• What to produce:
Down to the last line, copy the records below without any change.

• Entries supplied:

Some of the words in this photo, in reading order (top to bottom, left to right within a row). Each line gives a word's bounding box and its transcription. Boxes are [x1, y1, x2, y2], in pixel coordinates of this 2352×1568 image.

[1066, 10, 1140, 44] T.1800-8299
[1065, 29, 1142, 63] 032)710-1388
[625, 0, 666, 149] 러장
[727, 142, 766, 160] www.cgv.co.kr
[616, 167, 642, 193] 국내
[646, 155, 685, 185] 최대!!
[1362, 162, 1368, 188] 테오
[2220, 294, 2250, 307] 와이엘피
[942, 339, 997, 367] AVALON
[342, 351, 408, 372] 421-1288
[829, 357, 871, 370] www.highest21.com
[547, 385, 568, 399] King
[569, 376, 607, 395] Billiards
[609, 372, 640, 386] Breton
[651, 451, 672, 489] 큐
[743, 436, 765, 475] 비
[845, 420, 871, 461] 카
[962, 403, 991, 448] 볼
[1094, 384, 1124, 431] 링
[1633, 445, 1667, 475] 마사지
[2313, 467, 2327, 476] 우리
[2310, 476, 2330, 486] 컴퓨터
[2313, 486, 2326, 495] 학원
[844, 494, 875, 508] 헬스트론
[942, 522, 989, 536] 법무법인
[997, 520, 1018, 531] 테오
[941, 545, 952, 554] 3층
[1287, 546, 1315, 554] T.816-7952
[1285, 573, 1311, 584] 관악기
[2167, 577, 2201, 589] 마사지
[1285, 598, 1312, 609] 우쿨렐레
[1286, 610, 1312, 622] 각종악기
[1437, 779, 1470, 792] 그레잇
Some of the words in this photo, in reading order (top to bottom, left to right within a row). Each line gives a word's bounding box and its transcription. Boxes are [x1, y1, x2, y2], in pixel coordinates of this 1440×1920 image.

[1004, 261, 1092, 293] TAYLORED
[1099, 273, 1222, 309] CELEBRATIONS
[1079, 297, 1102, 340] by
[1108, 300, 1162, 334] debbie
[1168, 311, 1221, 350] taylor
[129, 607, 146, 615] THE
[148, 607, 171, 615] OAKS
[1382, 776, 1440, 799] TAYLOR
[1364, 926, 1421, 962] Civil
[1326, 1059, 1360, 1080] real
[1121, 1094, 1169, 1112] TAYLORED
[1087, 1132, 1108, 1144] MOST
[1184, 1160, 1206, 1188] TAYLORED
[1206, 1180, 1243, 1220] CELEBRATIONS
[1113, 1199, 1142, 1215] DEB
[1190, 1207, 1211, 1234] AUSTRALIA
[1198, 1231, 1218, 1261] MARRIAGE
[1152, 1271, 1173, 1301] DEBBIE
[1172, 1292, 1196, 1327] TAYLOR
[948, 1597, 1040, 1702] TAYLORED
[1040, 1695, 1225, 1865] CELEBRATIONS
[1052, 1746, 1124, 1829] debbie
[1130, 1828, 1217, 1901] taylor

• Response area:
Some of the words in this photo, in reading order (top to bottom, left to right within a row). Each line gives a word's bounding box and its transcription. Boxes are [x1, y1, x2, y2], in pixel coordinates of this 2352×1568 image.

[1066, 10, 1140, 44] T.1800-8299
[1065, 29, 1142, 63] 032)710-1388
[625, 0, 666, 149] 러장
[727, 142, 766, 160] www.cgv.co.kr
[616, 167, 642, 193] 국내
[646, 155, 685, 185] 최대!!
[1362, 162, 1368, 188] 테오
[2220, 294, 2250, 307] 와이엘피
[942, 339, 997, 367] AVALON
[342, 351, 408, 372] 421-1288
[829, 357, 871, 370] www.highest21.com
[547, 385, 568, 399] King
[569, 376, 607, 395] Billiards
[609, 372, 640, 386] Breton
[651, 451, 672, 489] 큐
[743, 436, 765, 475] 비
[845, 420, 871, 461] 카
[962, 403, 991, 448] 볼
[1094, 384, 1124, 431] 링
[1633, 445, 1667, 475] 마사지
[2313, 467, 2327, 476] 우리
[2310, 476, 2330, 486] 컴퓨터
[2313, 486, 2326, 495] 학원
[844, 494, 875, 508] 헬스트론
[942, 522, 989, 536] 법무법인
[997, 520, 1018, 531] 테오
[941, 545, 952, 554] 3층
[1287, 546, 1315, 554] T.816-7952
[1285, 573, 1311, 584] 관악기
[2167, 577, 2201, 589] 마사지
[1285, 598, 1312, 609] 우쿨렐레
[1286, 610, 1312, 622] 각종악기
[1437, 779, 1470, 792] 그레잇
Some of the words in this photo, in reading order (top to bottom, left to right within a row). Each line gives a word's bounding box and its transcription. Boxes are [x1, y1, x2, y2], in pixel coordinates of this 1440×1920 image.

[1004, 261, 1092, 293] TAYLORED
[1099, 273, 1222, 309] CELEBRATIONS
[1079, 297, 1102, 340] by
[1108, 300, 1162, 334] debbie
[1168, 311, 1221, 350] taylor
[129, 607, 146, 615] THE
[148, 607, 171, 615] OAKS
[1382, 776, 1440, 799] TAYLOR
[1364, 926, 1421, 962] Civil
[1326, 1059, 1360, 1080] real
[1121, 1094, 1169, 1112] TAYLORED
[1087, 1132, 1108, 1144] MOST
[1184, 1160, 1206, 1188] TAYLORED
[1206, 1180, 1243, 1220] CELEBRATIONS
[1113, 1199, 1142, 1215] DEB
[1190, 1207, 1211, 1234] AUSTRALIA
[1198, 1231, 1218, 1261] MARRIAGE
[1152, 1271, 1173, 1301] DEBBIE
[1172, 1292, 1196, 1327] TAYLOR
[948, 1597, 1040, 1702] TAYLORED
[1040, 1695, 1225, 1865] CELEBRATIONS
[1052, 1746, 1124, 1829] debbie
[1130, 1828, 1217, 1901] taylor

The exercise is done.